## Action item
The pictures are to be left out, and all remaining data is to be transcribed exactly as it appears.

## Saved entries
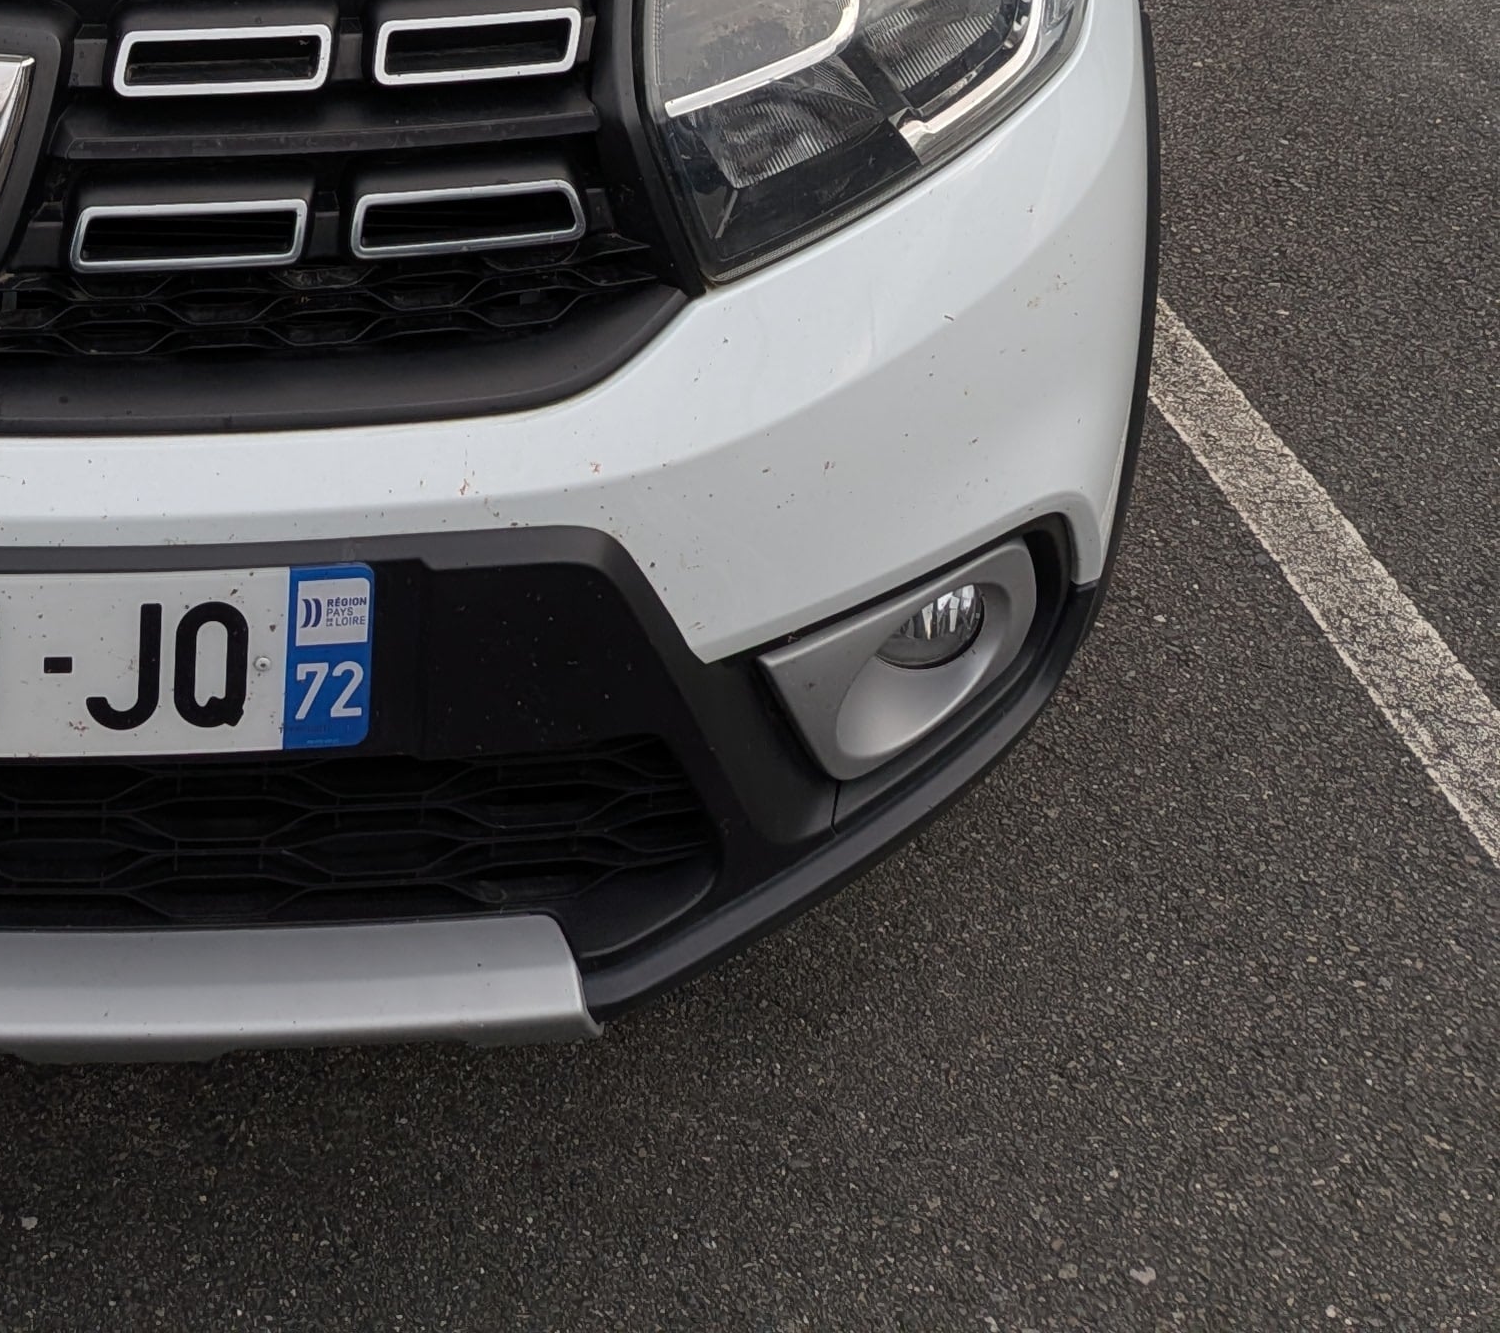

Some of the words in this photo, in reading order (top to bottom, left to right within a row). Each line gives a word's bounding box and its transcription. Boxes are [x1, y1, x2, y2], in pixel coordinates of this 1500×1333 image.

[326, 596, 367, 608] RÉGION
[326, 606, 354, 617] PAYS
[335, 615, 366, 627] LOIRE
[295, 660, 364, 721] 72
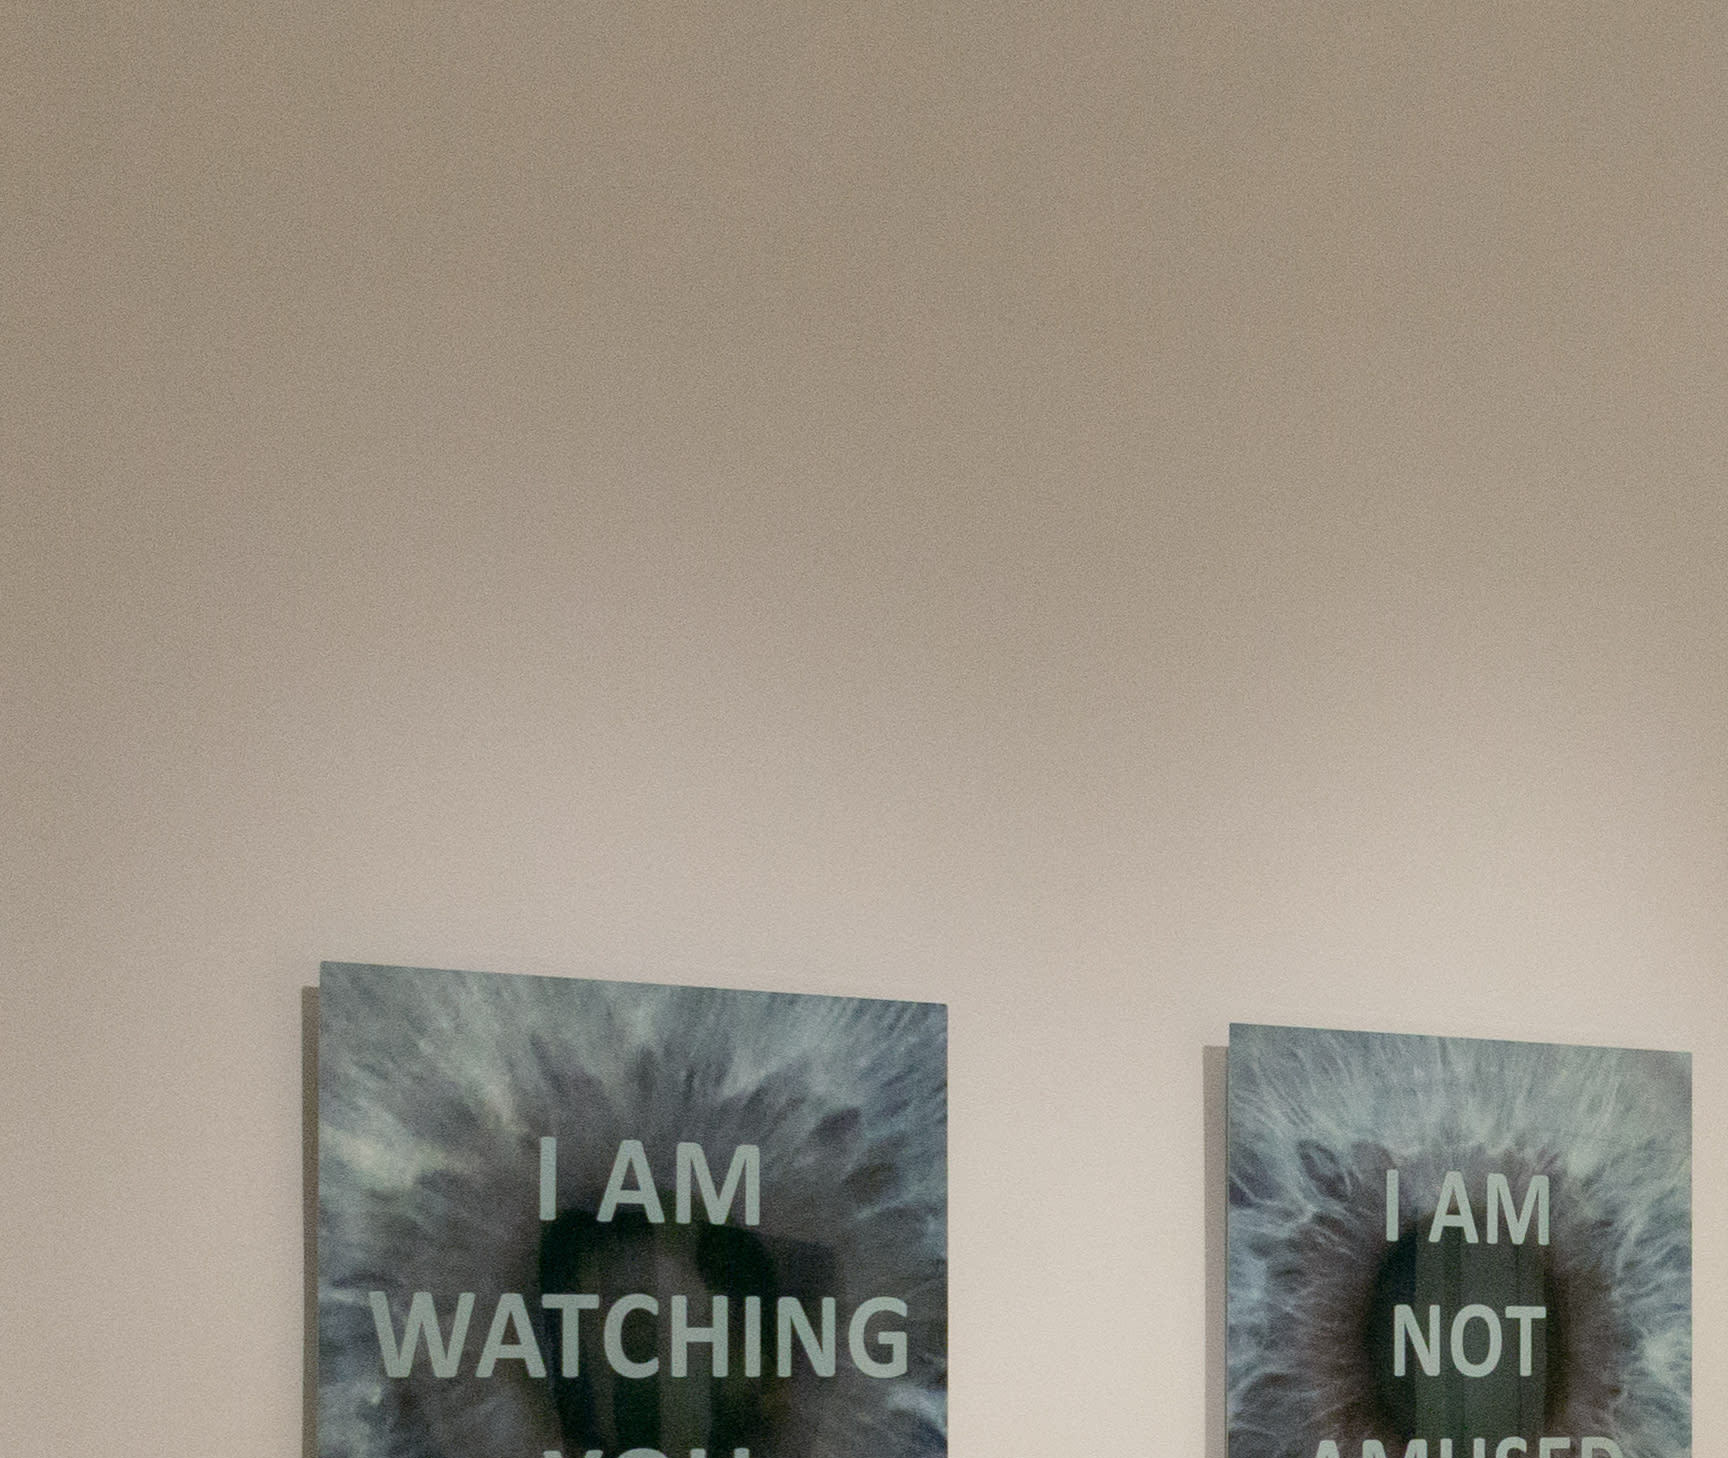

## Written solution
Some of the words in this photo, in reading order (top to bottom, left to right within a row). Each line gives a word's bounding box and its transcription. Boxes are [x1, y1, x2, y2], in pixel coordinates of this 1500×1333 image.

[326, 596, 367, 608] RÉGION
[326, 606, 354, 617] PAYS
[335, 615, 366, 627] LOIRE
[295, 660, 364, 721] 72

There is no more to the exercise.